**INSTRUCTIONS FOR THE TASK:** Exactly as written, give again the line with "this 1512×1344 image." and all subsequent lines through the end of the records.

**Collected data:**
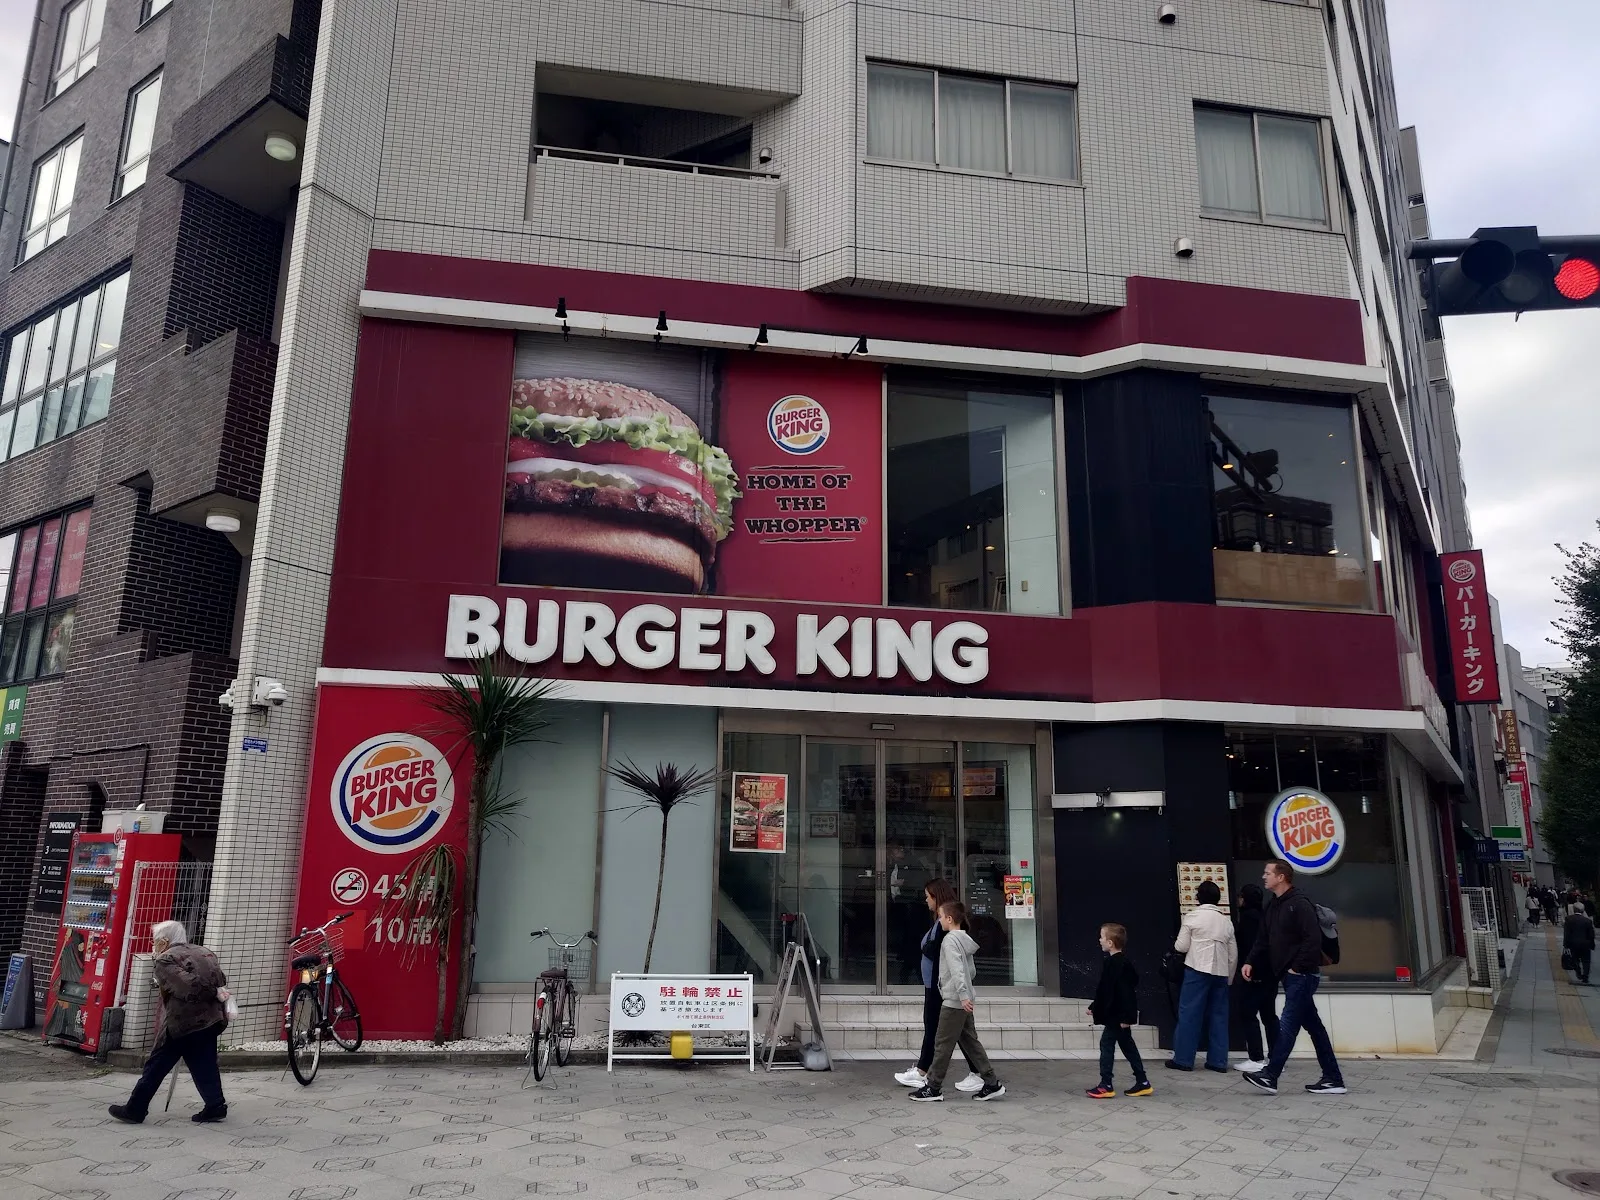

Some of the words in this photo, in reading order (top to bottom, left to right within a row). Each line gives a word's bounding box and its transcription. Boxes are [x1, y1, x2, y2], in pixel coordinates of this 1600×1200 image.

[775, 407, 821, 426] BURGER
[777, 417, 823, 440] KING
[747, 474, 816, 489] HOME
[821, 474, 851, 489] OF
[776, 496, 826, 511] THE
[745, 517, 862, 533] WHOPPER
[1453, 564, 1470, 573] BURGER
[1453, 567, 1472, 577] KING
[444, 594, 777, 675] BURGER
[796, 613, 989, 684] KING
[1457, 585, 1484, 695] バーガーキング
[351, 759, 435, 797] BURGER
[743, 781, 777, 790] STEAK
[352, 777, 438, 824] KING
[744, 790, 776, 798] SAUCE
[1280, 805, 1331, 833] BURGER
[1284, 819, 1336, 852] KING
[660, 986, 743, 998] 駐輪禁止
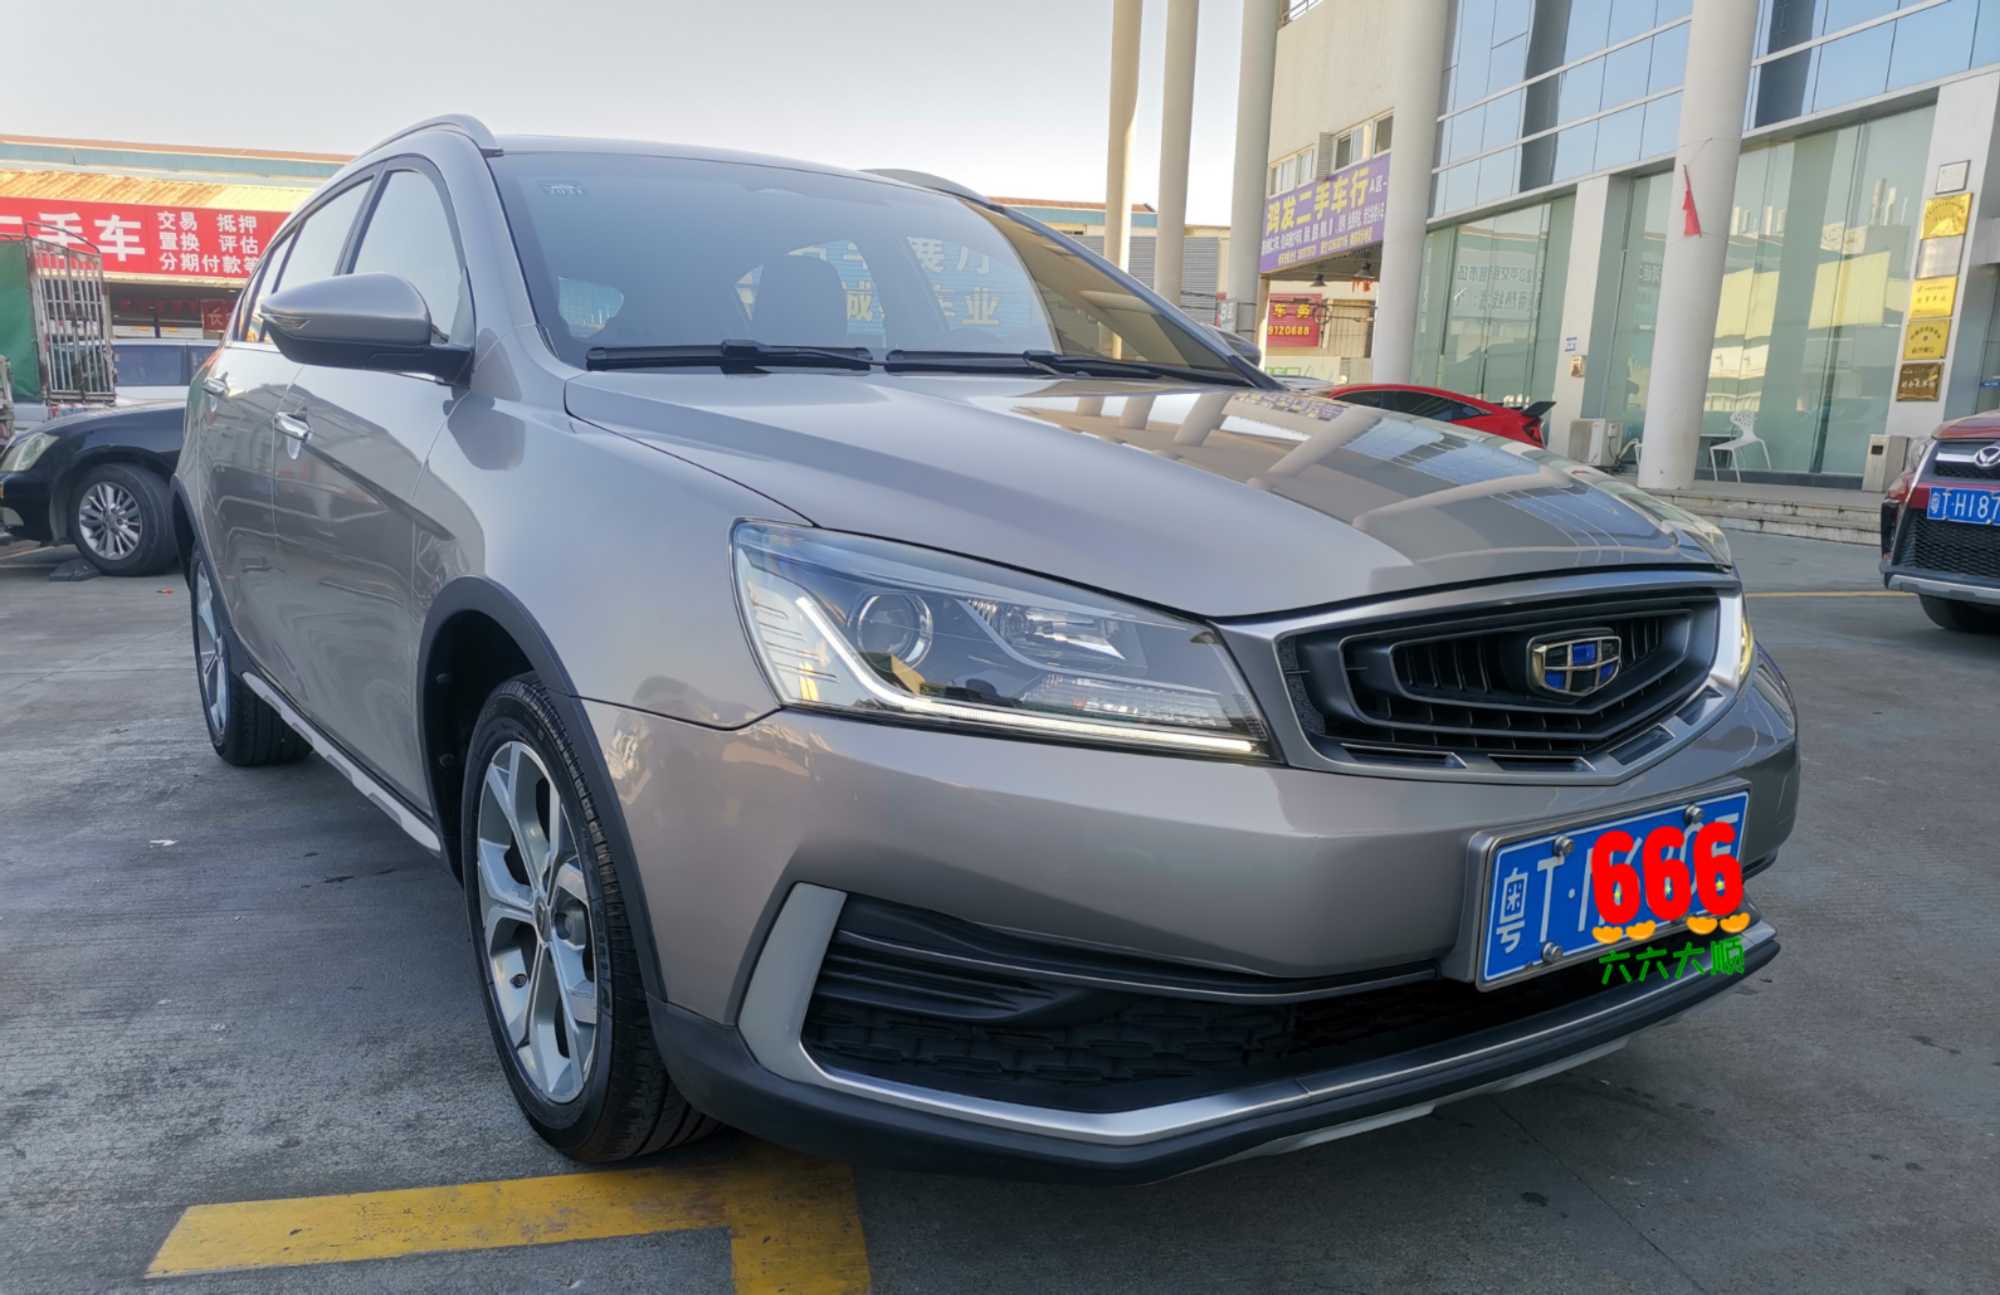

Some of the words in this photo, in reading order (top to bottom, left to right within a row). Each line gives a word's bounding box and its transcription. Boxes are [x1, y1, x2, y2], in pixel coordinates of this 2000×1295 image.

[157, 211, 198, 231] 交易
[217, 214, 257, 234] 抵押
[159, 231, 200, 252] 置换
[219, 234, 259, 255] 评估
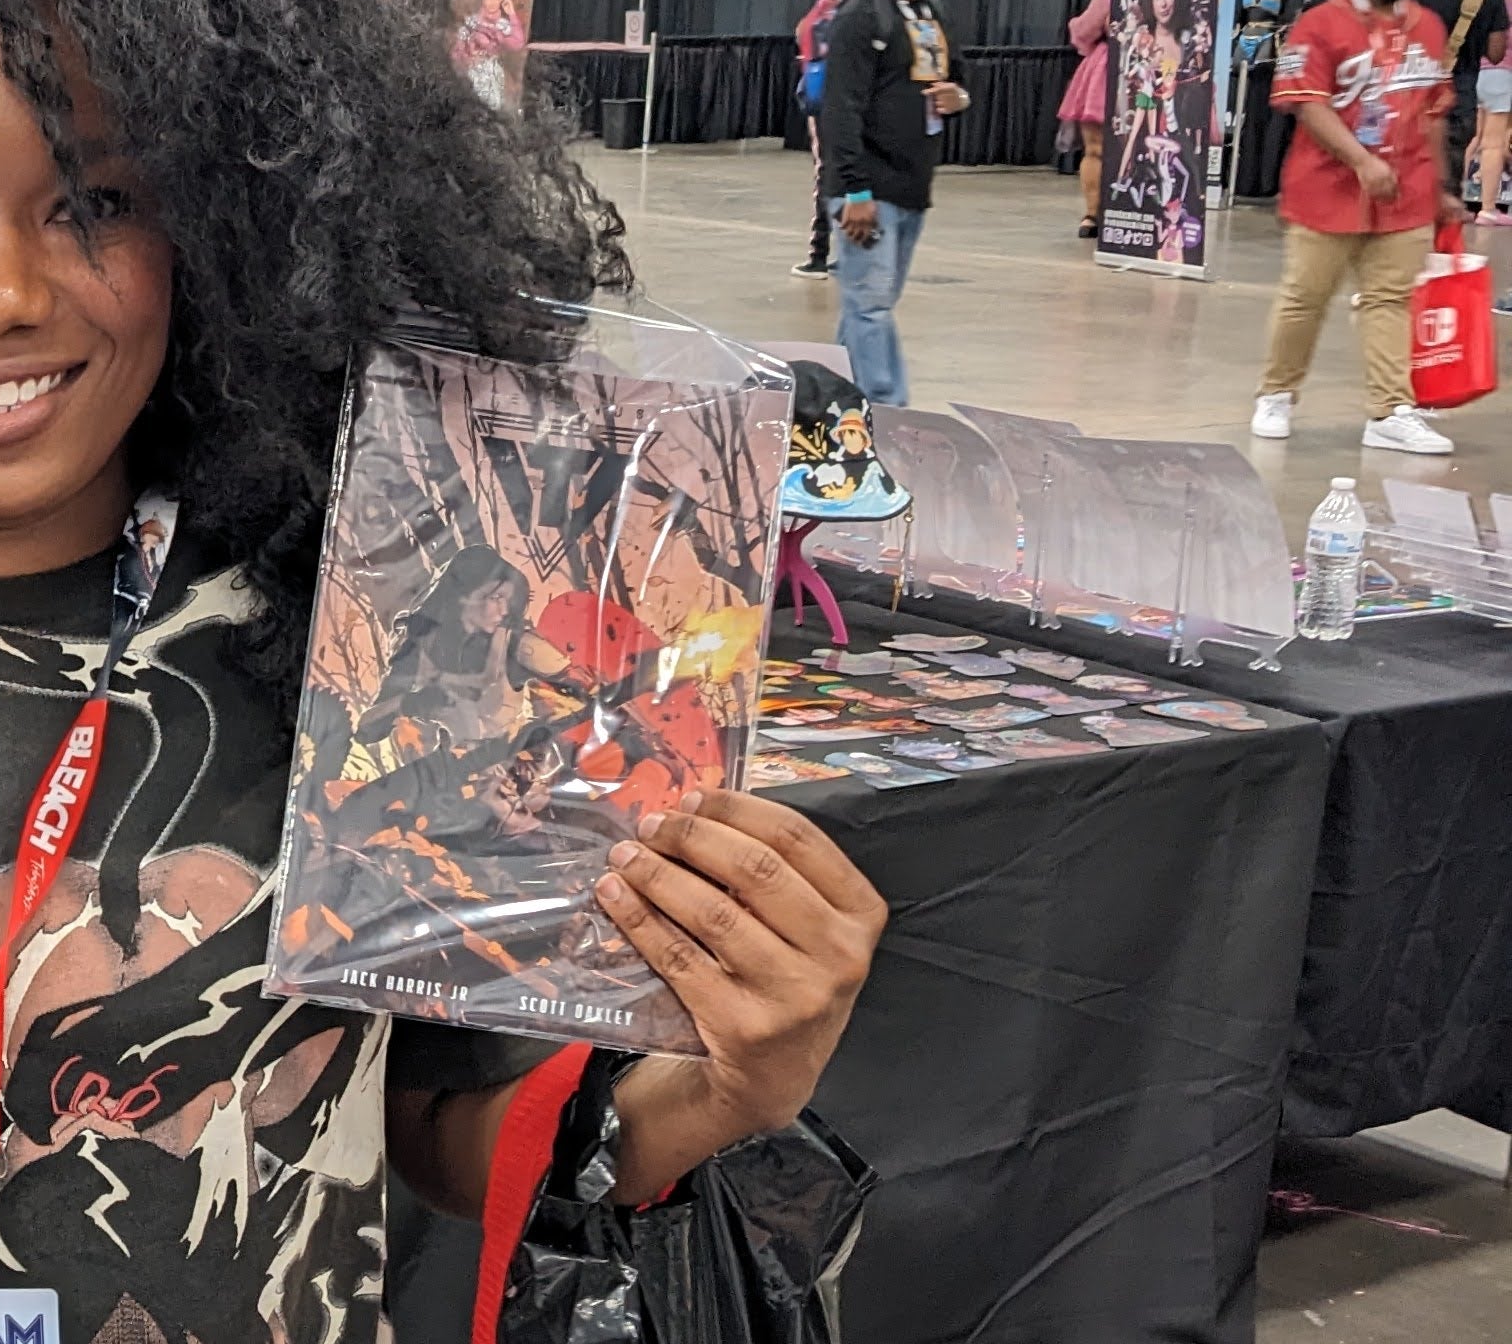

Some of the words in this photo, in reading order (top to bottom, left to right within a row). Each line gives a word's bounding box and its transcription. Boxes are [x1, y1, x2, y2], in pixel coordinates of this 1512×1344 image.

[29, 726, 95, 856] BLEACH
[340, 969, 377, 988] JACK
[386, 975, 442, 998] HARRIS
[450, 985, 468, 1002] JR
[519, 996, 566, 1016] SCOTT

**FINISHED TASK:**
Some of the words in this photo, in reading order (top to bottom, left to right within a row). Each line gives a word's bounding box and its transcription. Boxes are [x1, y1, x2, y2], in pixel coordinates of this 1512×1344 image.

[29, 726, 95, 856] BLEACH
[340, 969, 377, 988] JACK
[386, 975, 442, 998] HARRIS
[450, 985, 468, 1002] JR
[519, 996, 566, 1016] SCOTT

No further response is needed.